The Bank of England held interest rates at a 15-year high on Thursday, as policymakers sought to squeeze out inflationary pressures even amid signs of economic slowdown.

The bank’s key rate remained at 5.25 percent, following a faster-than-expected retreat in inflation, which dropped below 5 percent in October. Still, the inflation rate was more than double the central bank’s 2 percent target.

Troubling to some policymakers and analysts, the rate is also high compared to European neighbors, and workers on average are experiencing relatively fast wage growth, pushing up prices in the services sector. Indications that domestic price pressures remain quite strong mean traders are not expecting the central bank to cut rates until the middle of next year.

“We’ve come a long way this year, and successive rate increases have helped bring inflation down,” Andrew Bailey, the governor of the bank, said in a statement. “But there is still some way to go.”

Globally, the struggle against high inflation has moved into a new phase as price growth peaked last year. Now, central bankers are focused on how to push inflation down to their targets, while managing the adverse effects of past rate increases. As the global economy weakens, policymakers are alert to when they might need to cut interest rates, but are cautious of signaling that these cuts will come too soon and risk reigniting inflationary pressures.

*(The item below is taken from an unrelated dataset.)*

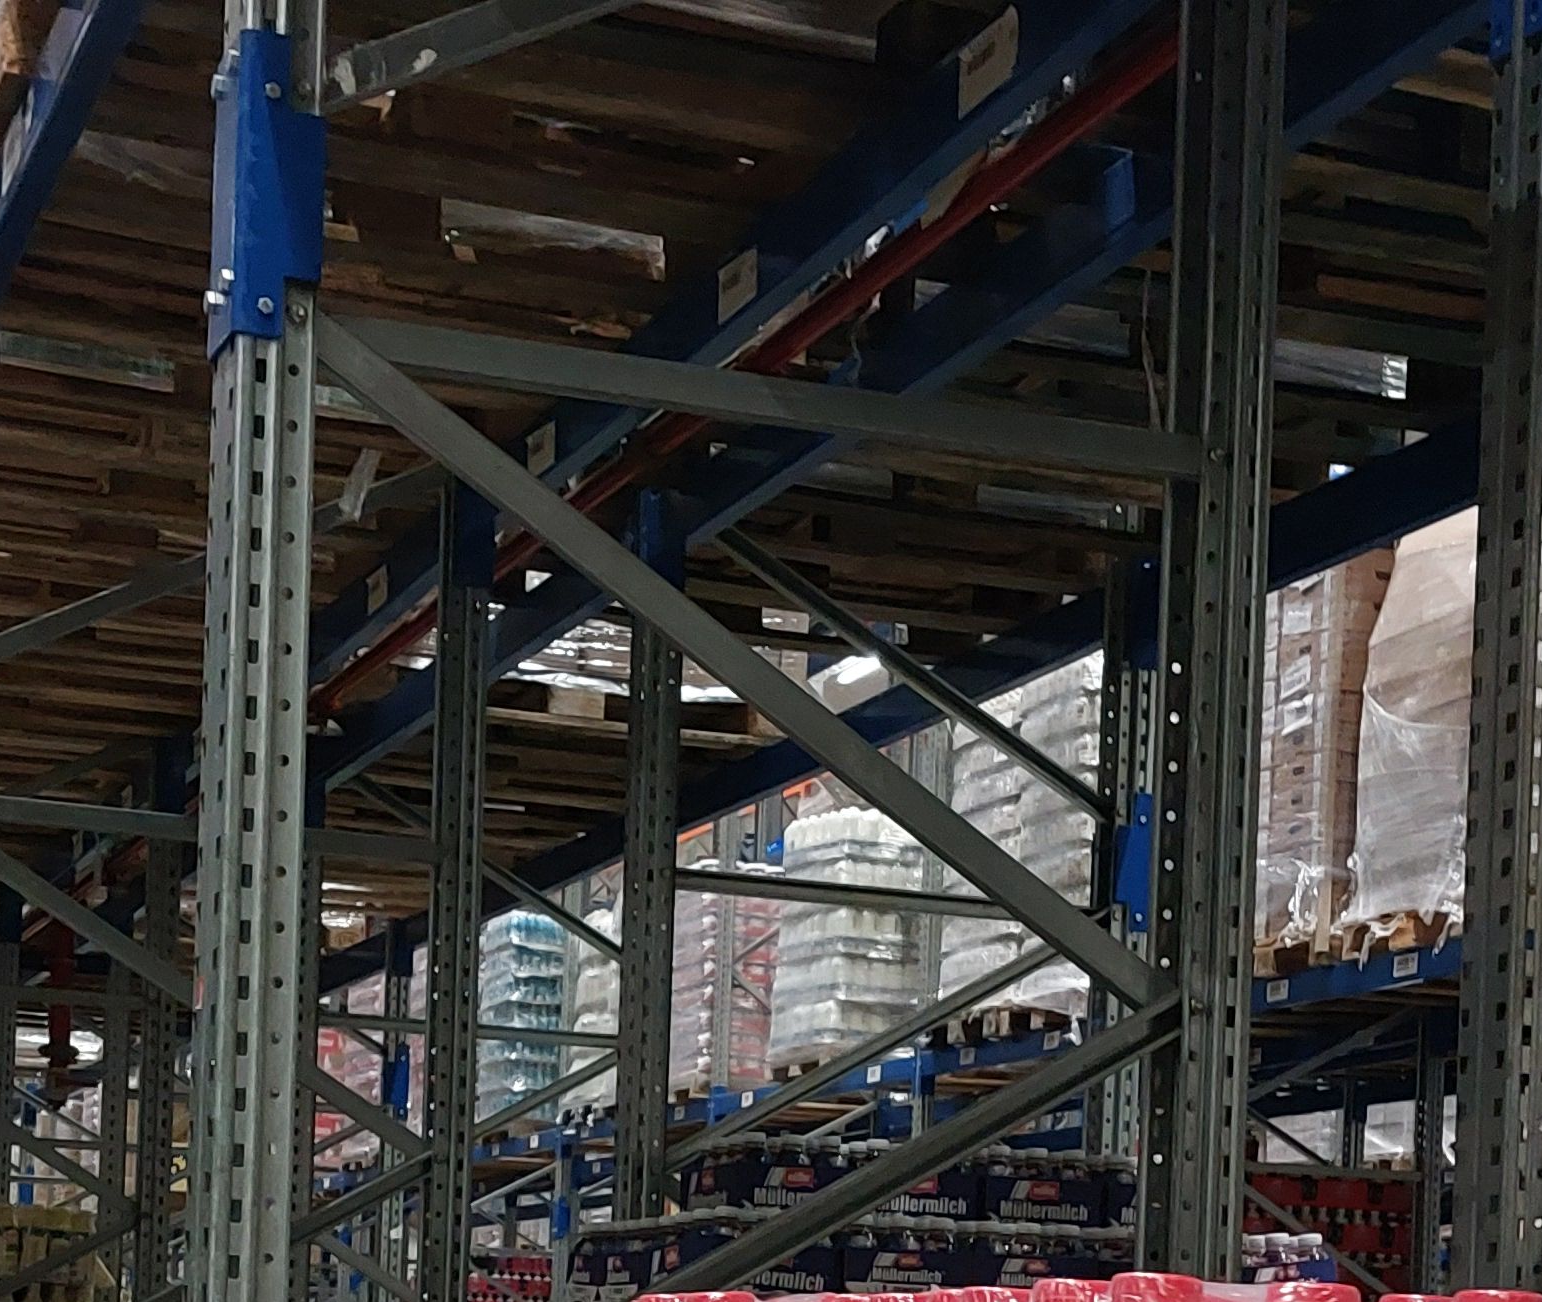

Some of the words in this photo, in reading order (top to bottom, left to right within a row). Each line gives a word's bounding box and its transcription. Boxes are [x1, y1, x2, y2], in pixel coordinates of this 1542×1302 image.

[753, 1186, 811, 1206] Müller
[999, 1199, 1089, 1222] Müllermilch
[749, 1270, 825, 1291] ermilch
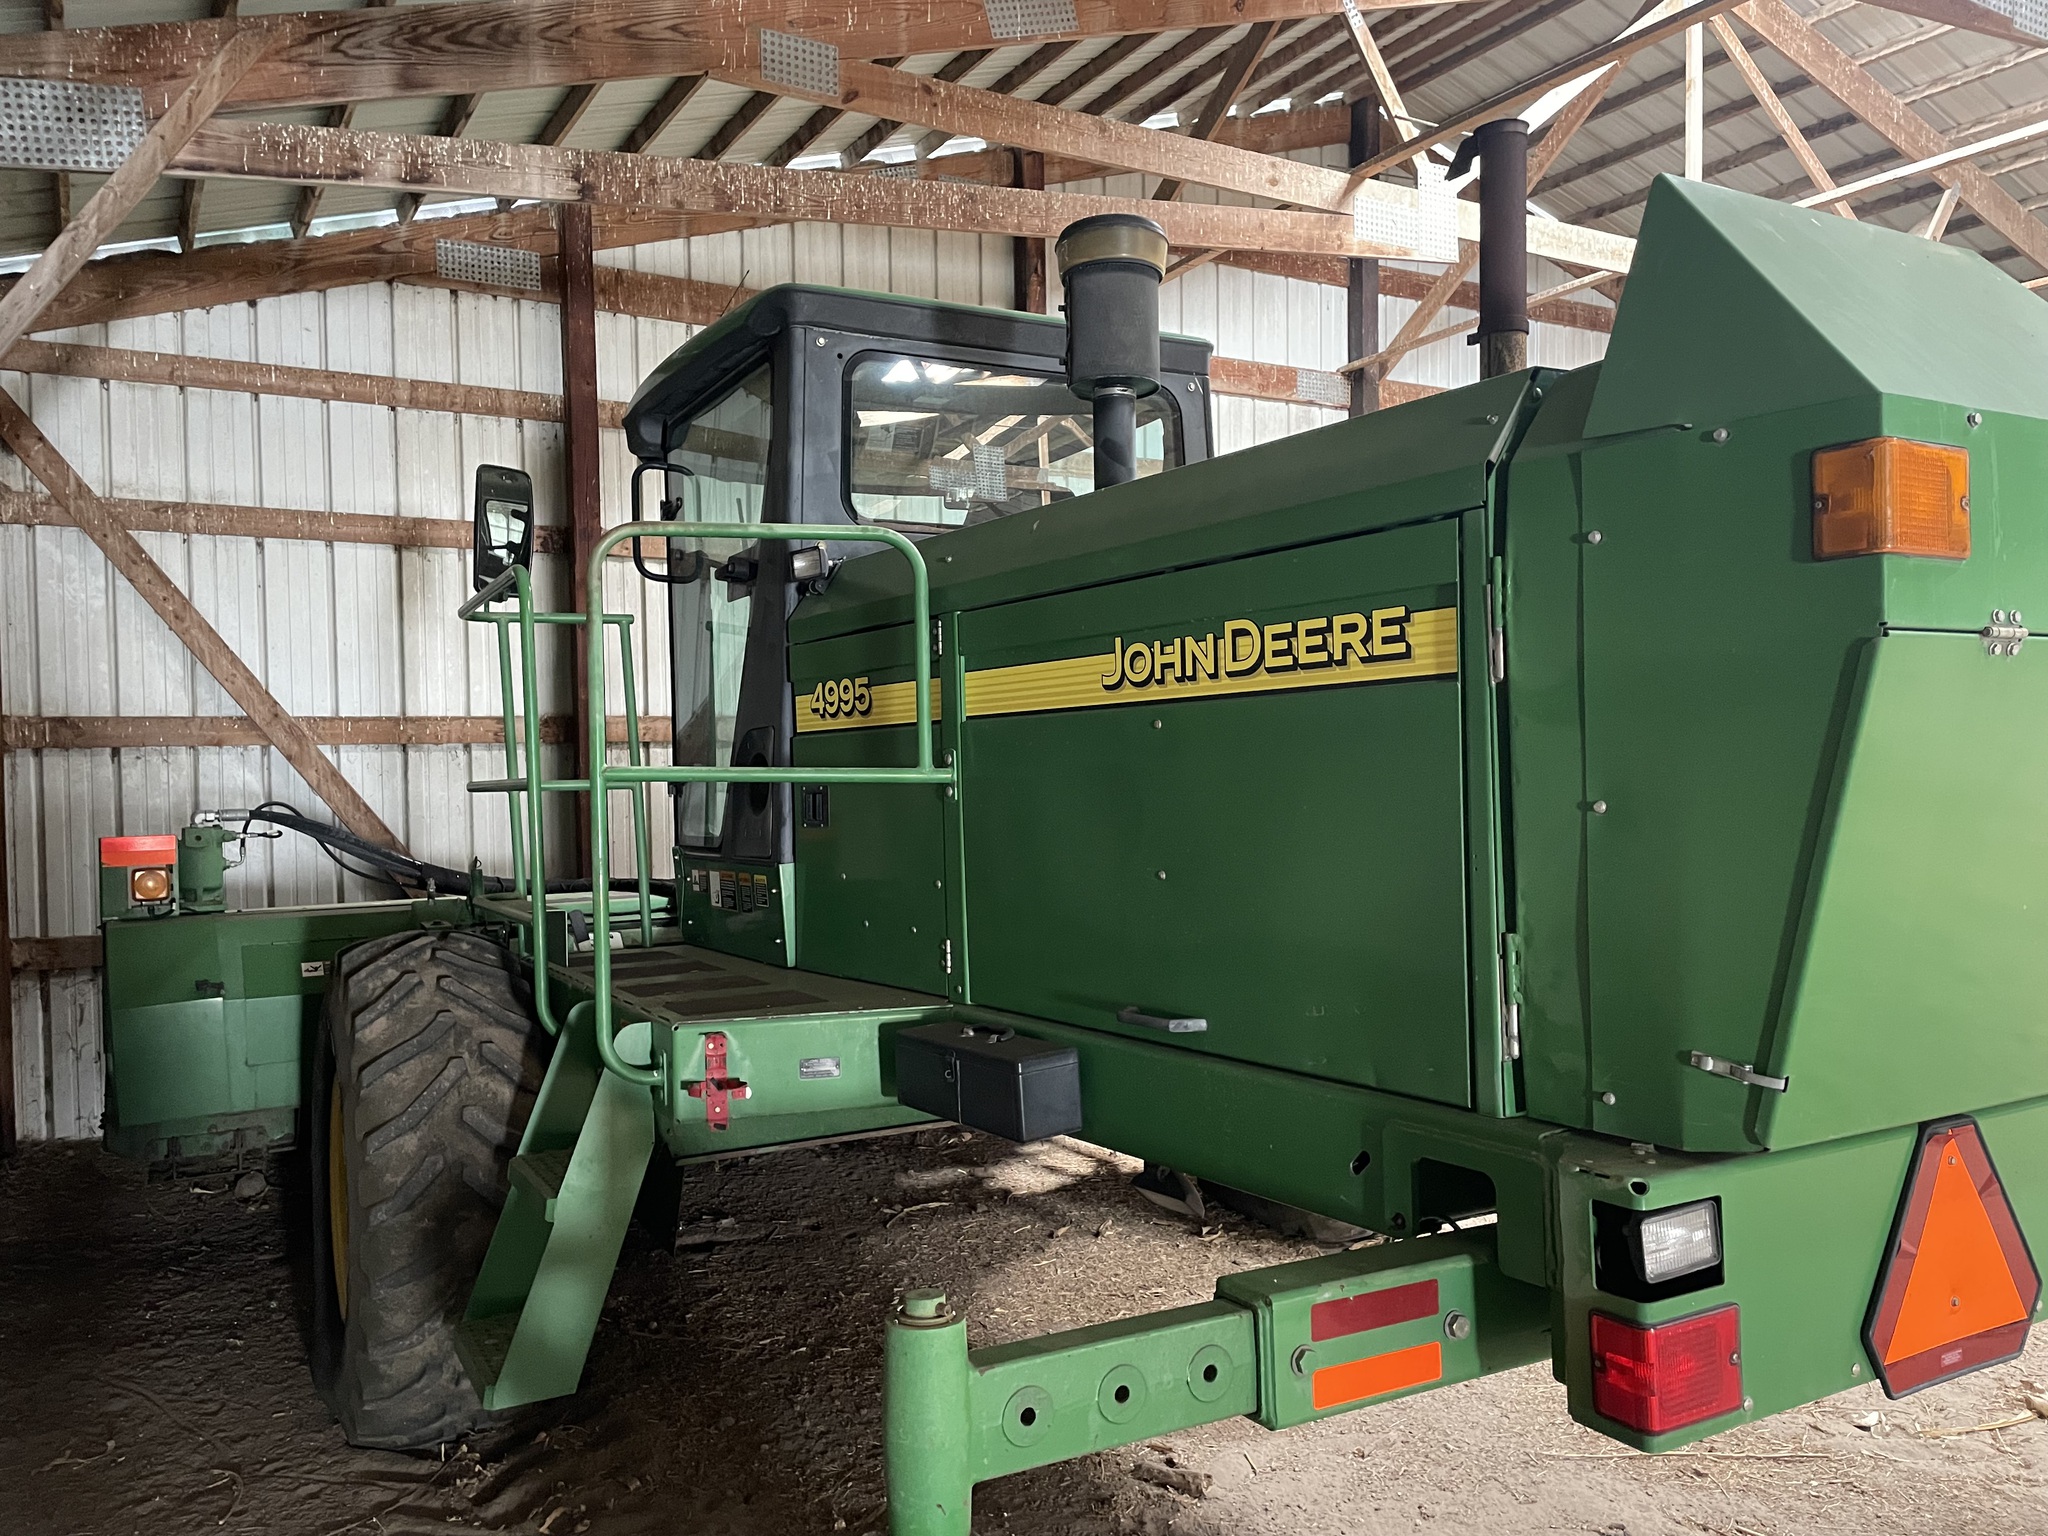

On Wednesday, the U.S. Federal Reserve held rates steady but policymakers indicated three cuts could take place next year. Later on Thursday, the European Central Bank is also expected to keep rates unchanged.

Reflecting the more challenging situation in Britain, where growth is weak but inflation pressures are still persistent, the Bank of England gave no indications that rate cuts could be imminent.

A growing weakness in the British economy is becoming more evident, as household spending falters while housing investment contracts. The economy shrank 0.3 percent in October, data published on Wednesday showed. Monthly readings on economic growth can be volatile, but the data from the Office for National Statistics showed that the economy had been broadly the same size for about the past year and half.

The central bank expects the economy to flatline from now until 2025. But the bank does not expect inflation to return to the 2 percent target until late 2025.

The minutes of this week’s meeting of Bank of England policymakers highlighted the possibility that rates could rise again, saying that “further tightening” would be required if there was evidence of “more persistent inflationary pressures.”

Policymakers at the bank remain divided on how best to ensure inflation drops quickly and sustainably. Six of the bank’s nine-person rate-setting committee, including Mr. Bailey, voted to hold rates.

But the three others voted to increase the rate by a quarter point, arguing that there was a need to push back against the risk of “more deeply embedded” inflation, according to the minutes. Despite weak economic growth, household incomes, once adjusted for inflation, were improving and the labor market was tight. There was evidence of more persistent inflation as wage growth was higher than comfortable for meeting the inflation target and price growth in the services sector was “elevated,” the three policymakers said.